Testing with recover_time at 120 and error_escalation_time at 0 for simplicity and worker.maintain at the default 60, I see the worker is in global error upon a failure and then goes to recovery properly the first time after >120 seconds, but each subsequent time, it is placed in recovery after ~60 seconds when the maintenance method fires.  I then tested this with a drastically lowered worker.maintain at 5 seconds.  Again, I see the first time the 2 minute recover_time is correctly used.  But here, the worker is retried and placed into ERR/REC after just 5 seconds.  I tested again with worker.maintain at 15 seconds.  Again, I see the first time the 2 minute recover_time is correctly used.  But here, the worker is retried and placed into ERR/REC after 15 seconds.

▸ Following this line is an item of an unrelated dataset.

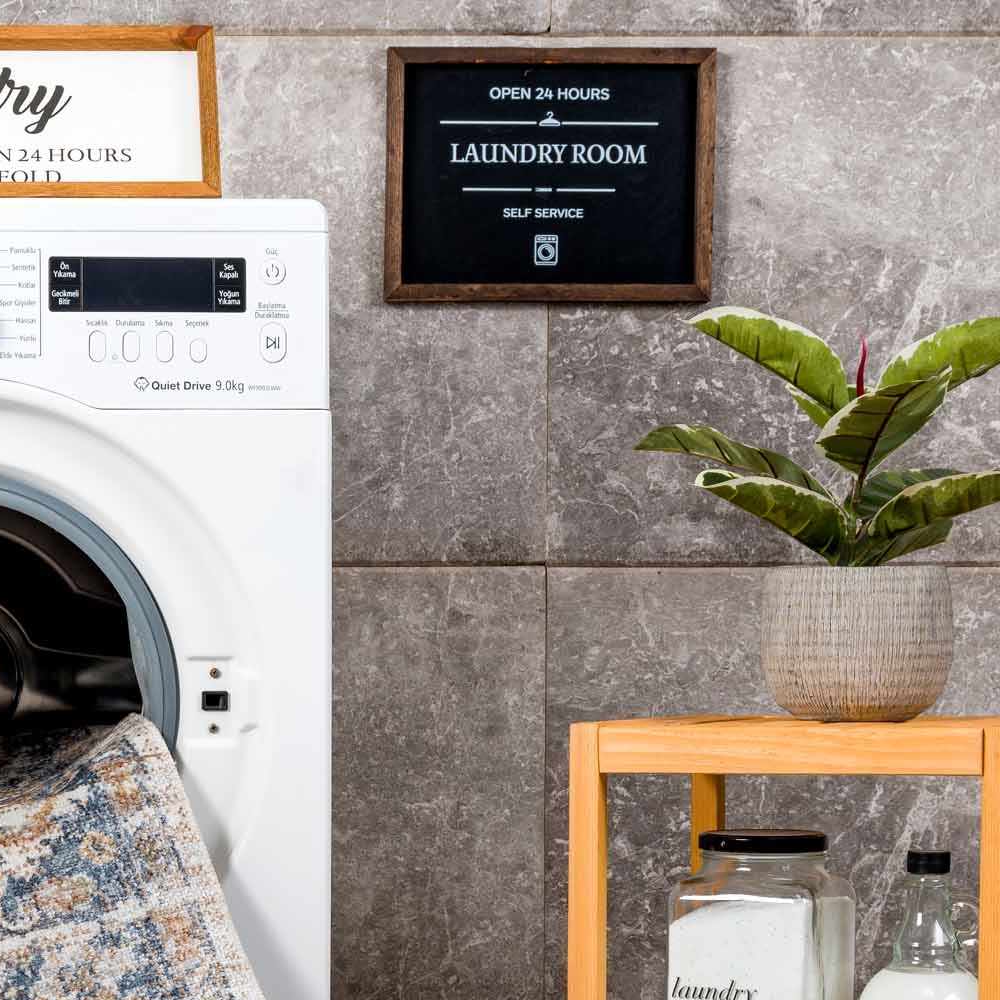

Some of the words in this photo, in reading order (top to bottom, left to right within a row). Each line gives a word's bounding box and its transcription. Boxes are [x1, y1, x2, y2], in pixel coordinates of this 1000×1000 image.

With these tests, I see that the LE (last error time) reported for the worker by jkstatus never changes after it is set on the initial error, which may be due to the following generic error block in jk_lb_worker.c's service method as it only sets error_time when it is 0:

                else {
                    /*
                     * Various unspecific error cases.
                     * Keep previous global state, if we are not in local error since to long.
                     * Do not try to reuse the same node for the same request.
                     * Failing over to another node could help.
                     */
                    time_t now = time(NULL);
                    rec->s->errors++;
                    if (rec->s->busy == 0 ||
                        p->worker->error_escalation_time == 0 ||
                        (rec->s->error_time > 0 &&
                         (int)difftime(now, rec->s->error_time) >= p->worker->error_escalation_time)) {
                        if (JK_IS_DEBUG_LEVEL(l))
                            jk_log(l, JK_LOG_DEBUG,
                                   "worker %s escalating local error to global error",
                                   rec->name);
                        rec->s->state = JK_LB_STATE_ERROR;
                    }
                    p->states[rec->i] = JK_LB_STATE_ERROR;
                    if (rec->s->error_time == 0) {
                        rec->s->error_time = now;
                    }
                    rc = JK_FALSE;
                }

And the unchanged error time appears to be the root cause of the improper recoveries after checking code from recover_workers in jk_lb_worker.c:

        if (w->s->state == JK_LB_STATE_ERROR) {
            elapsed = (int)difftime(now, w->s->error_time);
            if (elapsed <= p->recover_wait_time) {
                if (JK_IS_DEBUG_LEVEL(l))
                    jk_log(l, JK_LOG_DEBUG,
                           "worker %s will recover in %d seconds",
                           w->name, p->recover_wait_time - elapsed);
            }
            else {
                if (JK_IS_DEBUG_LEVEL(l))
                    jk_log(l, JK_LOG_DEBUG,
                           "worker %s is marked for recovery",
                           w->name);
                if (p->lbmethod != JK_LB_METHOD_BUSYNESS)
                    w->s->lb_value = curmax;
                aw->s->reply_timeouts = 0;
                w->s->state = JK_LB_STATE_RECOVER;
                non_error++;
            }
        }


So after the first pass, error_time never updates again and so elapsed is always > recover_wait_time, resulting in the worker being placed in recovery on each call of the worker maintenance.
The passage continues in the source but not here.